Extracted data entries
********************

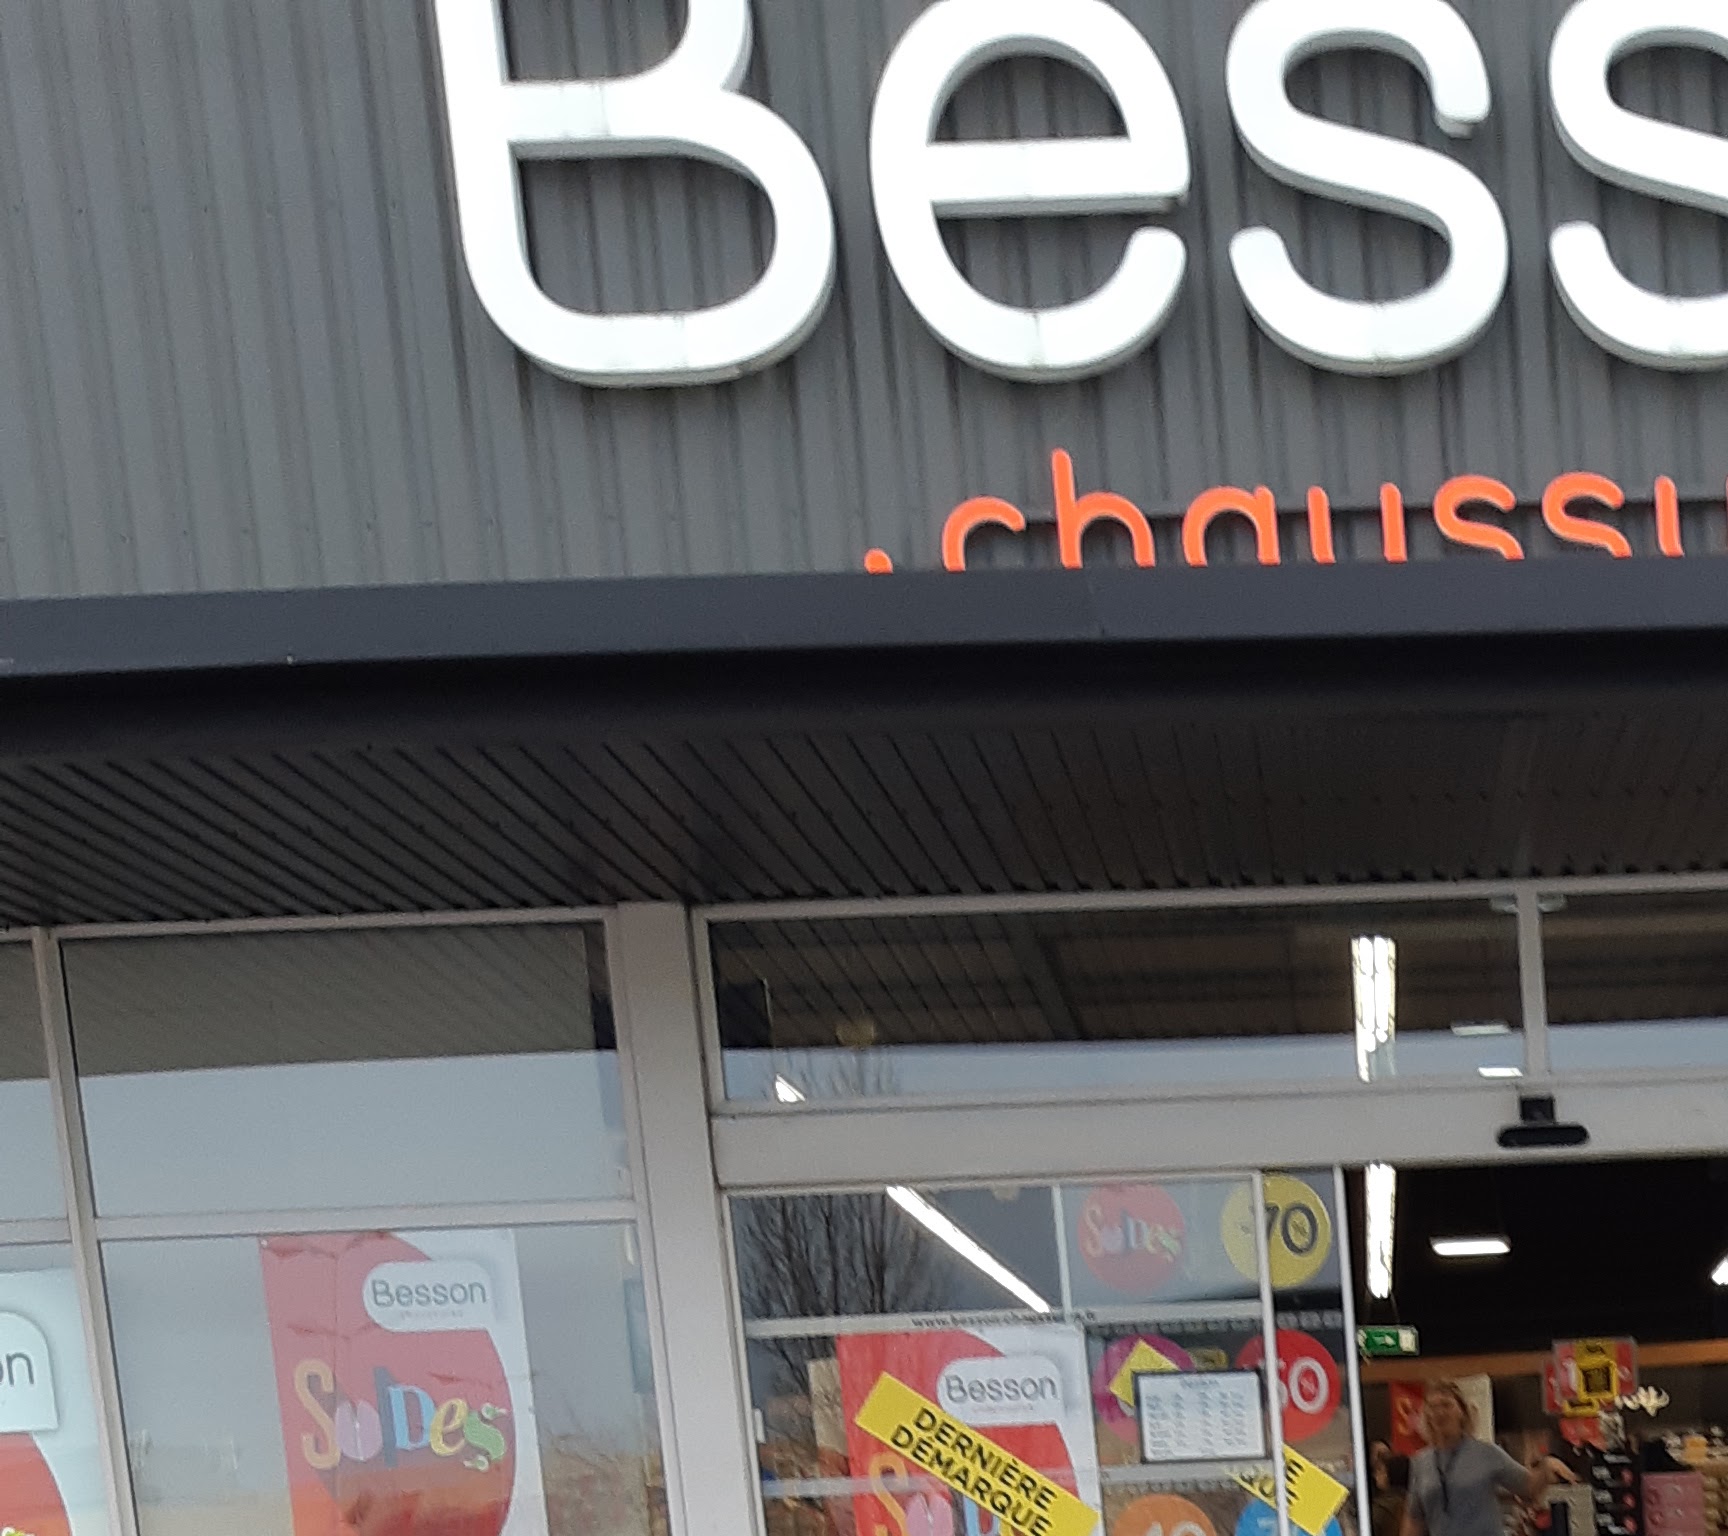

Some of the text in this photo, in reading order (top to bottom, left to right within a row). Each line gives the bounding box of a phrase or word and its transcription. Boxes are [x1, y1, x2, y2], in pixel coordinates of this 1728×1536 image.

[372, 1279, 487, 1306] Besson
[945, 1374, 1058, 1404] Besson
[912, 1407, 1058, 1512] DERNIÈRE
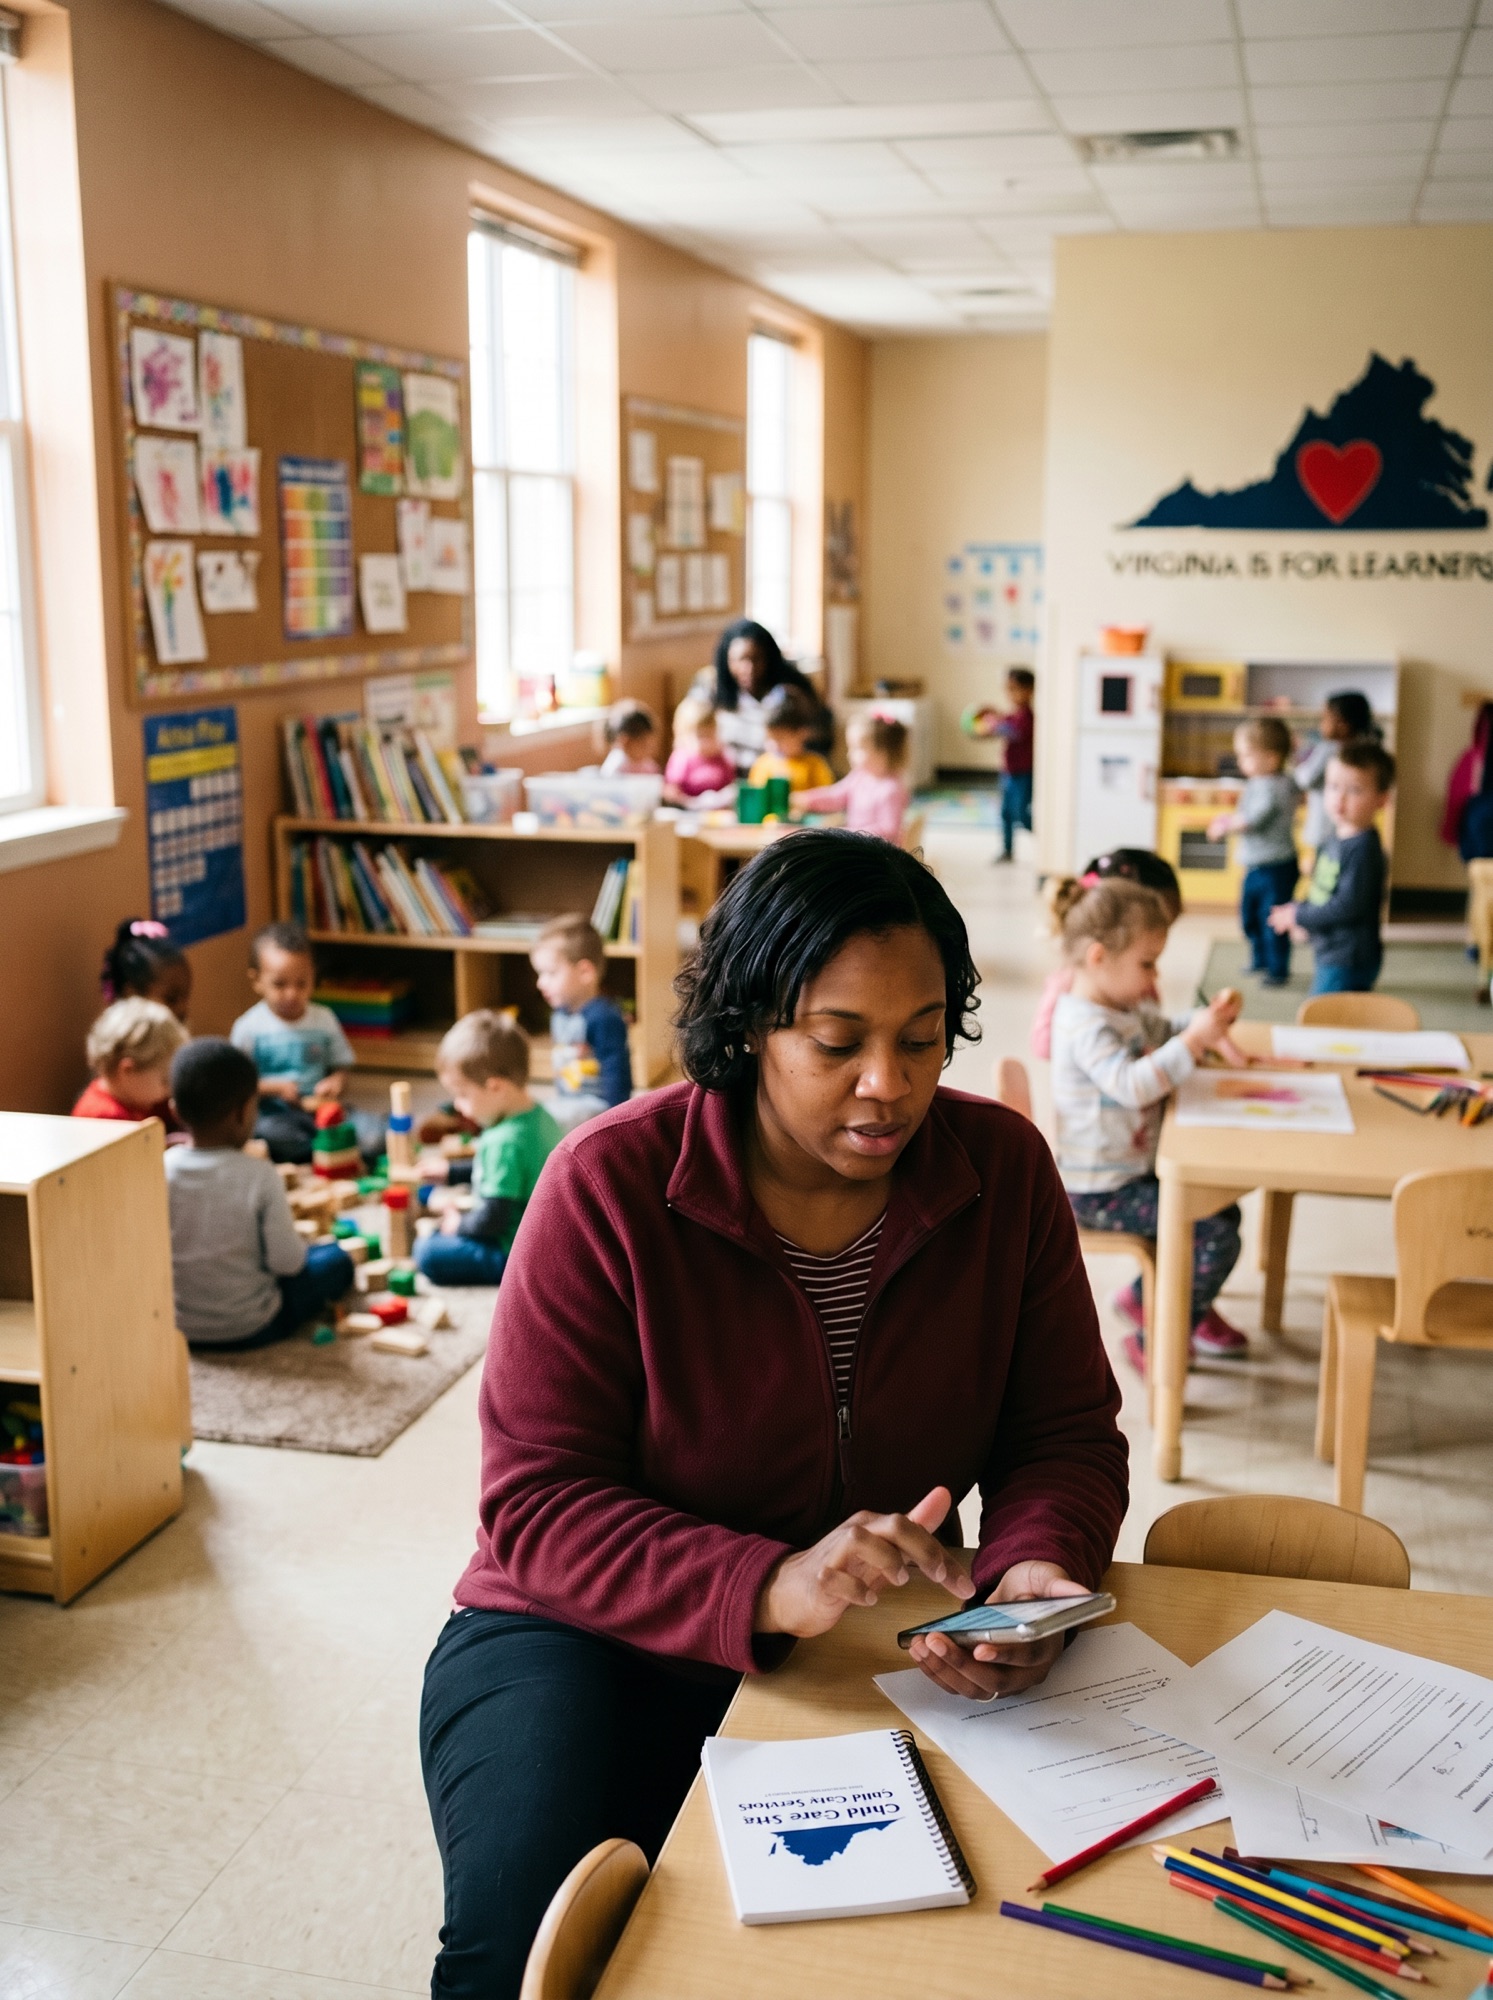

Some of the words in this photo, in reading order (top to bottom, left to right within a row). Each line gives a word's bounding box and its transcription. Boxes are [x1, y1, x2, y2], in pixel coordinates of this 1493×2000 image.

********************

■ EXERCISE DIRECTIONS ■
Apart from the images, every line above needs to be printed again exactly.

■ EXPECTED ANSWER ■
Some of the text in this photo, in reading order (top to bottom, left to right within a row). Each line gives the bounding box of a phrase or word and its transcription. Boxes are [x1, y1, x2, y2], in pixel coordinates of this 1728×1536 image.

[372, 1279, 487, 1306] Besson
[945, 1374, 1058, 1404] Besson
[912, 1407, 1058, 1512] DERNIÈRE

Some of the words in this photo, in reading order (top to bottom, left to right within a row). Each line gives a word's bounding box and its transcription. Boxes are [x1, y1, x2, y2], in pixel coordinates of this 1493×2000 image.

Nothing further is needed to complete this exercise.